Sopra queste mensole, mio fratello Giancarlo ha scritto con la vernice rossa un orgoglioso “Officina Balzarini” ed ecco che l’antica stalla è stata trasformata in una luminosa e, discretamente attrezzata,
officina da fabbro.

Naturalmente le porte e finestre di questo locale, così come quelle del garage, la ringhiera della grande balconata, la recinzione della proprietà, furono tutti rigorosamente costruiti i ferro e lamiera anche se non era certamente il materiale più isolante ma era sicuramente il modo più economico di realizzare i serramenti visto che la manodopera era gratis.
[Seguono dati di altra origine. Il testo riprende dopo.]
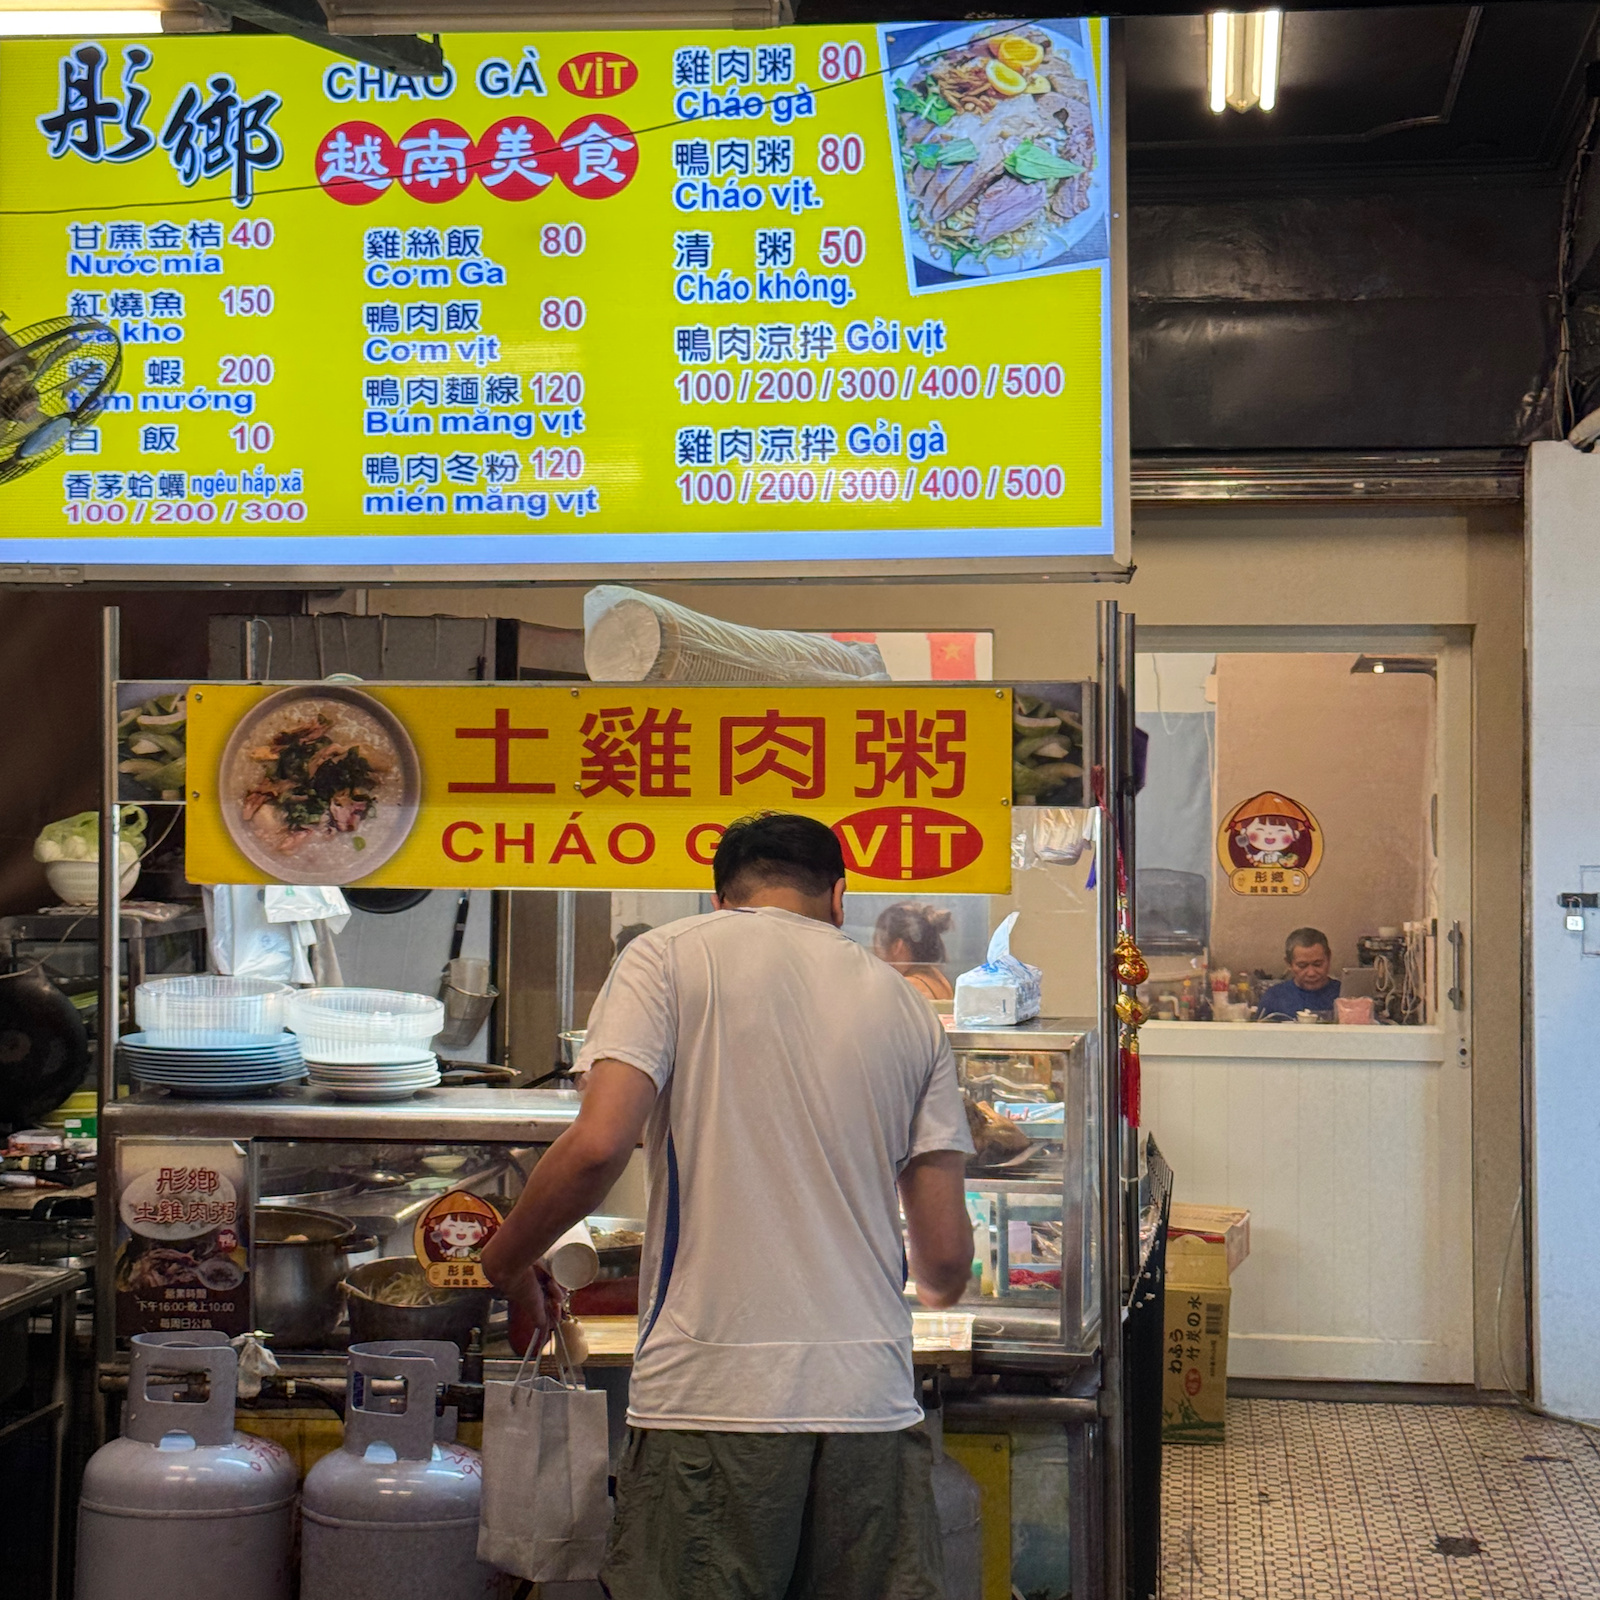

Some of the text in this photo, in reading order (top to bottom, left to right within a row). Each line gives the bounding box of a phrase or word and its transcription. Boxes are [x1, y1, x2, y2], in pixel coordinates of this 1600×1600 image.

La ristrutturazione del vecchio fienile per ricavarne la casa propria aveva esposto economicamente la mia famiglia e, ora più che mai, era necessario fare qualche lavoretto extra per migliorare il magro bilancio economico.

Seguirono quindi alcuni anni di lavoro serrato fatto da mio papà e da mio fratello Giancarlo che all’epoca aveva quasi 20 anni, mentre io ero più giovane ed ero, come ho già avuto modo di raccontare, a Bergamo in collegio.

Quando tornavo per le vacanze estive e quando mi sono diplomato e sono rientrato in famiglia, cercavo di dare una mano anch’io ma la mia era più che altro un apporto di manovalanza. Con il passare del tempo però mi appassionavo a questo lavoro fatto di fatica, di sudore davanti alla forgia, di mani sporche, ma anche di soddisfazione quando il prodotto finito appariva in tutta la sua bellezza e funzionalità.

Oltre ad aiutare nella realizzazione delle piccole commesse che mio papà prendeva, nel mio piccolo e senza arrivare ad acquisire l’arte della lavorazione del ferro battuto, ho provato a realizzare alcuni
piccoli lavoretti, due dei quali li conservo ancora e quindi posso allegare una foto.

 

Attorno agli anni 80 ho realizzato, in questo caso con l’aiuto di mio papà, anche l’intelaiatura in ferro di un presepio tridimensionale a forma di stella che ancora conservo e che vi presenterò in tutti i suoi dettagli, più avanti e in prossimità del prossimo Natale.

Con questa letterina finisce la lunga descrizione dell’officina di fabbro di mio papà alla quale ho dedicato ben tre letterine, ma molto ci sarebbe ancora da dire.

Dopo quasi 50 anni l’officina è ancora pressapoco intatta, anche se non produttiva, perché la
casa paterna, che è stata ritirata da mio fratello, per il momento è rimasta invariata.

Mentre tornavo con la mente a questo periodo della mia giovinezza, mi è riaffiorato il ricordo di una vacanza studio a Londra e questo sarà l’argomento della prossima letterina.

Un caro saluto e un arrivederci da nonno Antonio.